But I’m going to tell you about Ryan Adams.

Back, way back before he was persona non-grata, back even before he was famous – at least over here. Back to November 2000, a year after Whiskeytown had folded and his first solo album, Heartbreaker, had been released just a couple of months earlier. He’d come to Europe to promote the album and his first stop was Nottingham [not a big college town - Ed.]. The Maze was pretty much full, and expectations were high amongst a crowd who held Stranger’s Almanac and Heartbreaker in high regard. Listening back to the tape now it’s clear though that Adams was a bit nervous, he didn’t really settle into the set but gave a professional, if somewhat hesitant, performance. In my view, always the professional; Ryan Adams’ shambolic personae is more a tribute to his hero Keith Richards than it is an accurate reflection of his personality. Ryan Adams has always hungered after fame and was adept at manipulating his image and charisma and dangerous charm to this end. Welded to his undoubted talent he didn’t really have to go looking for fame, it came searching for him. And so it was on this November evening back in 2000, despite this strange uncertainty and diffidence he won over the room filled with people willing him to succeed and to be there at the beginning of something.

And at some point in the evening, in the sweet, sweaty fug of cigarette smoke and spirits, of beery breath and craning necks, someone stepped out into the courtyard, slipped up those steep stairs [see first para for set-up - Ed.] and stole Ryan Adams’ song book.  

Part II: Leicester

So there are lots of pubs like The Forest Taven, lots of back rooms like The Maze, up and down the UK, which provide a decent circuit for these exotic tourers. Nottingham, Birmingham, Sheffield, Leeds… but the next night, Ryan Adams’ second solo gig outside of The States, was going to be in Leicester. It’s only 20 miles away and I could get Jim to get me a ticket seeing as though he knew the promoter down there.

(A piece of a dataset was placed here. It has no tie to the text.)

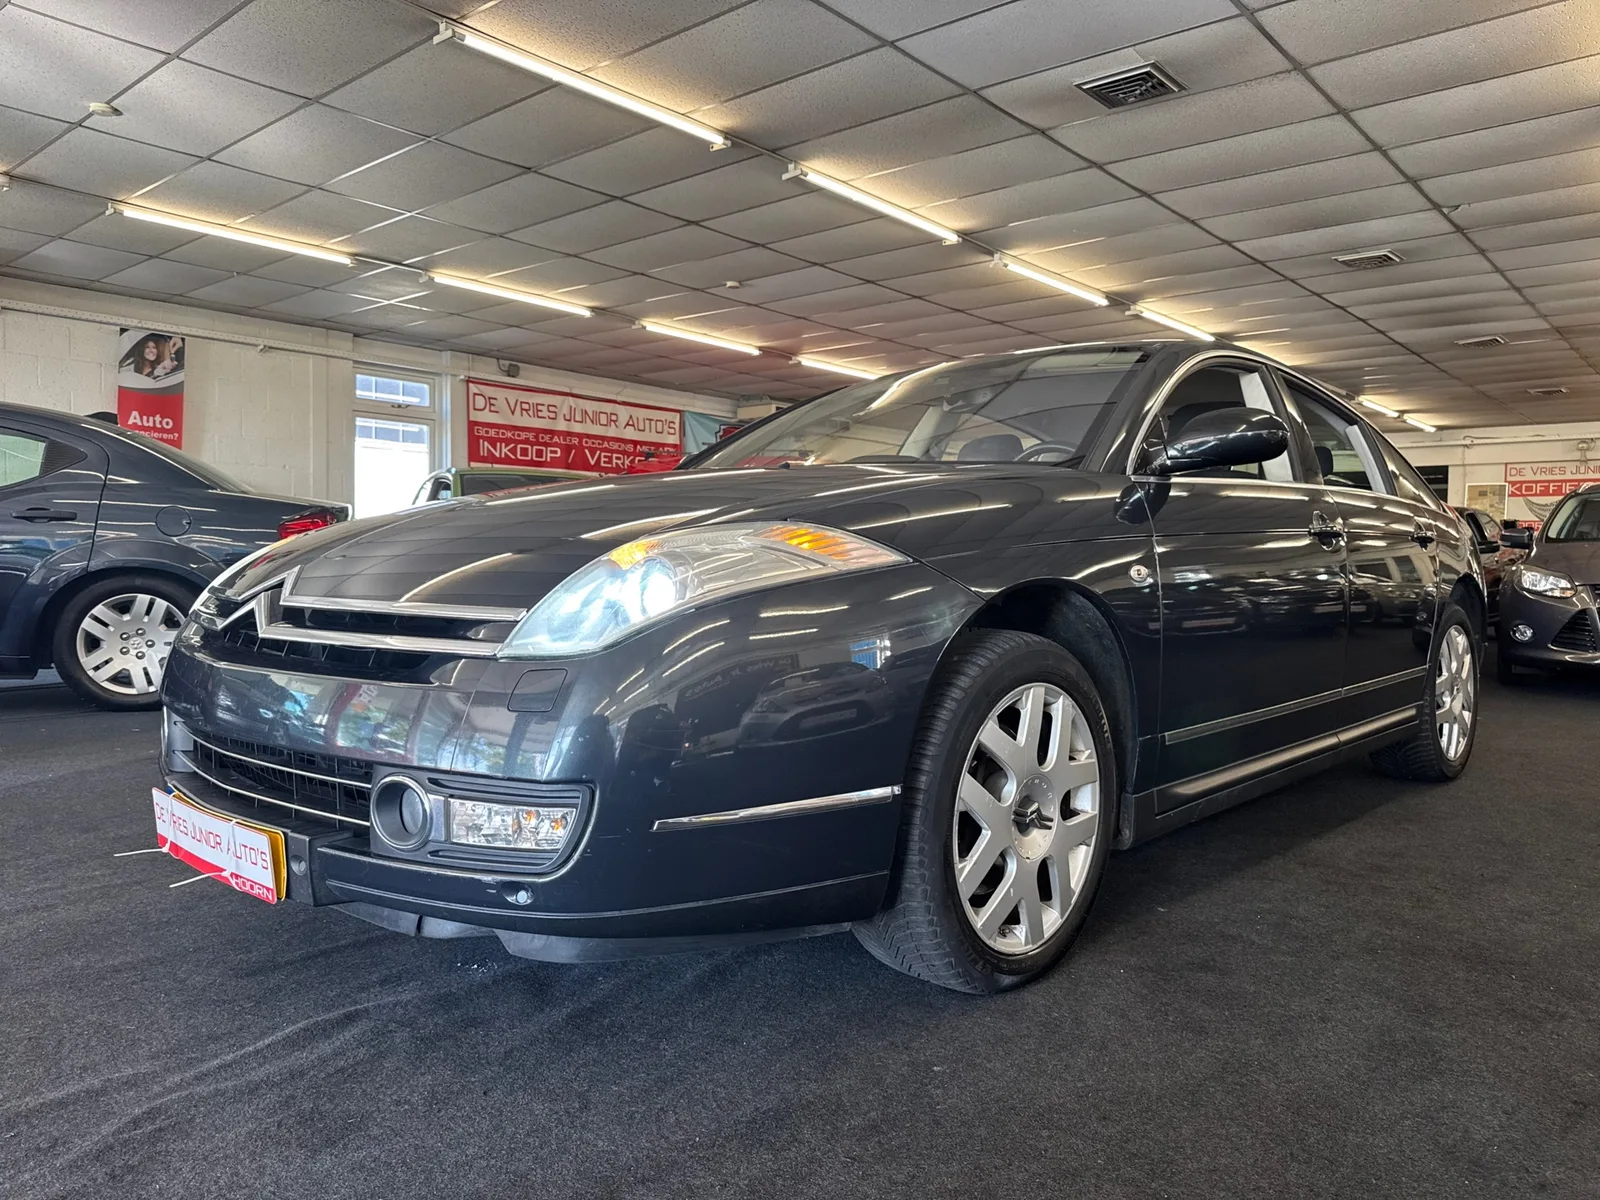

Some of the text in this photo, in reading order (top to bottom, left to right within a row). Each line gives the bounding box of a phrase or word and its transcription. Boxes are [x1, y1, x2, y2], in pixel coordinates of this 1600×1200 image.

Leicester, like a great many provincial cities in the UK has been gifted by the combined efforts of the Luftwaffe and the City Planning Dept. with a nightmarish one-way system of ring roads and dual carriageways, flyovers and underpasses none of which are adequately signed. Consequently, I arrived at The Musician just as Adams was walking out on to the stage.

And he was pissed off.

He opens the show with Dear Thief, a song he wrote that day (not just before the show as he claimed but earlier that afternoon at Jim’s house) about the theft of his Songbook. His abilities as a songwriter are obvious, and perhaps surprisingly the lyric suggests a degree of self-awareness that seems to have deserted him over the subsequent years.

But whether this act of catharsis energised him or if was the day spent relaxing with Jim’s wife and young daughter – listen to his intro to My Winding Wheel (5 years later Beth was a bridesmaid at my wedding) – or whether it was not travelling or perhaps he was simply more up for it on this particular night, but gone is the nervousness and uncertainty of Nottingham. This night he really connects and gives an outstanding performance of much of the Heartbreaker album, but also newer songs not yet then recorded and even stretches back to his Whiskeytown material.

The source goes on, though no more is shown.